§ **TRY IT**: Set down each of the records below exactly as it reads. No pictures go into the copy.

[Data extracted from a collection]

────────────────

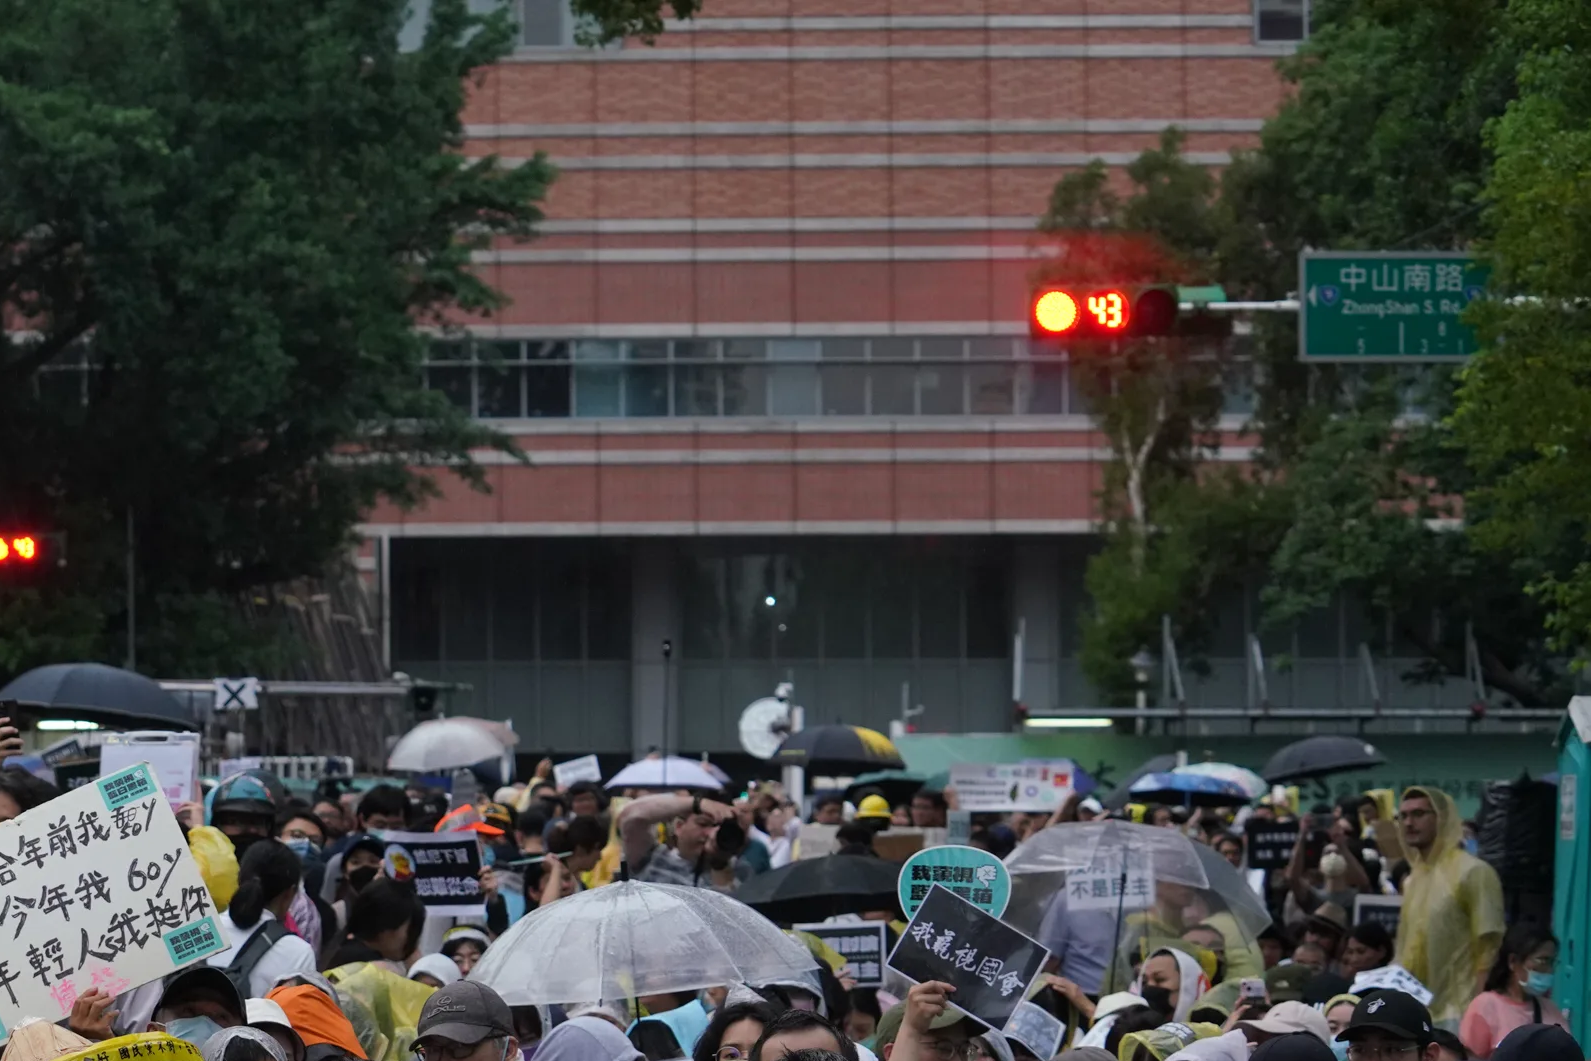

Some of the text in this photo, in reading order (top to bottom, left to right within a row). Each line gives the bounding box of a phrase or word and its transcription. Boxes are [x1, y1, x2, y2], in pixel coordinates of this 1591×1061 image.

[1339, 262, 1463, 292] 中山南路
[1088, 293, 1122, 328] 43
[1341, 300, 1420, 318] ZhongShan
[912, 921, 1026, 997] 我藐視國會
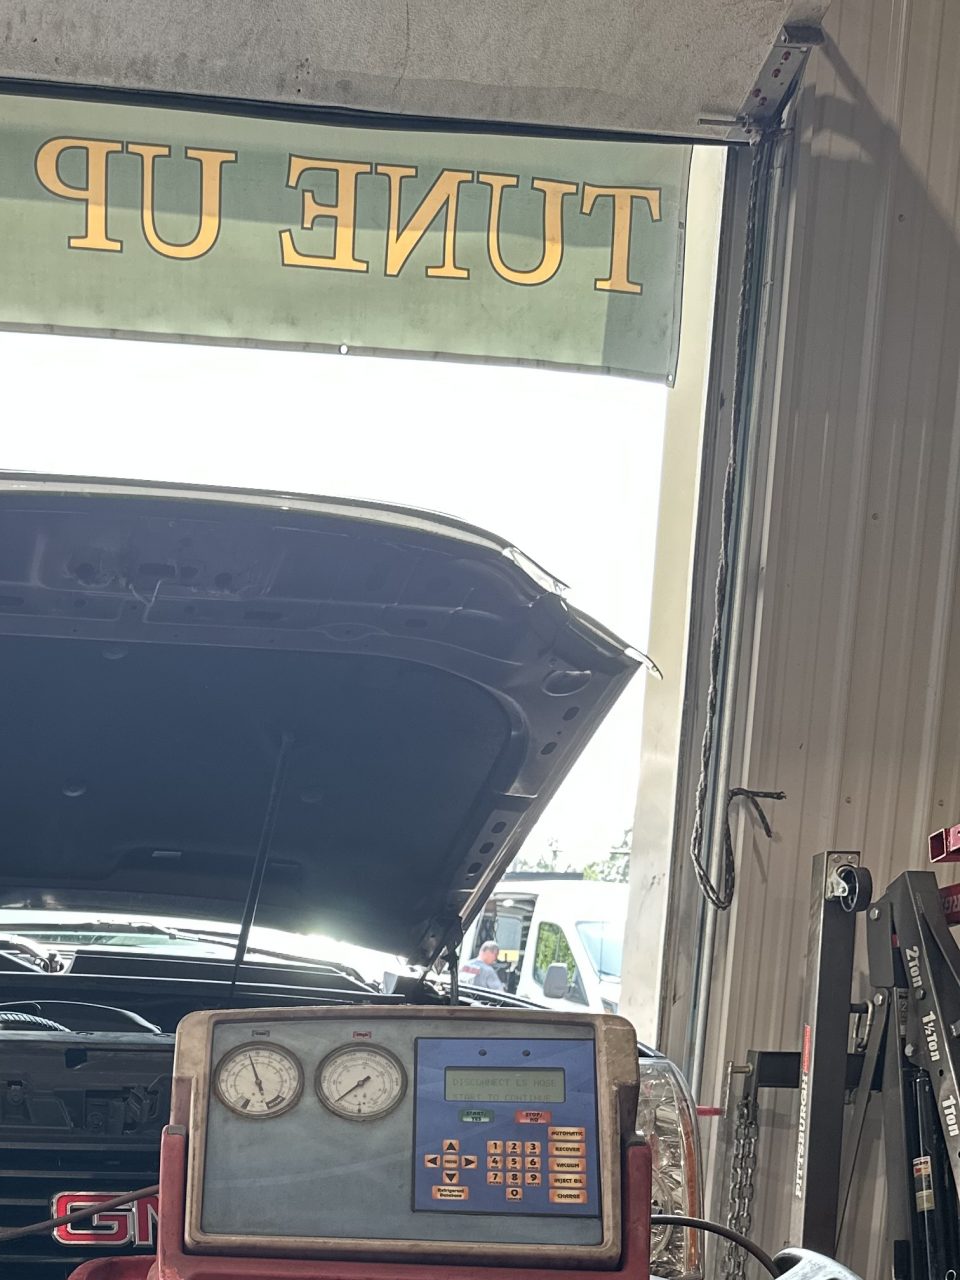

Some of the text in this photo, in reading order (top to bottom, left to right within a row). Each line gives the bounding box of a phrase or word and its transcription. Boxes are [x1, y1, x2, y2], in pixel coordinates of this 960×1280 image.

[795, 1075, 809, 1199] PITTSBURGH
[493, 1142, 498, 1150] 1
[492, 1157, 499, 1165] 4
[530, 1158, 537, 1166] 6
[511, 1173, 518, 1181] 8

────────────────

§ **EXERCISE RESPONSE**:
Some of the text in this photo, in reading order (top to bottom, left to right within a row). Each line gives the bounding box of a phrase or word and its transcription. Boxes are [x1, y1, x2, y2], in pixel coordinates of this 1591×1061 image.

[1339, 262, 1463, 292] 中山南路
[1088, 293, 1122, 328] 43
[1341, 300, 1420, 318] ZhongShan
[912, 921, 1026, 997] 我藐視國會

Some of the text in this photo, in reading order (top to bottom, left to right within a row). Each line gives the bounding box of a phrase or word and its transcription. Boxes are [x1, y1, x2, y2], in pixel coordinates of this 960×1280 image.

[795, 1075, 809, 1199] PITTSBURGH
[493, 1142, 498, 1150] 1
[492, 1157, 499, 1165] 4
[530, 1158, 537, 1166] 6
[511, 1173, 518, 1181] 8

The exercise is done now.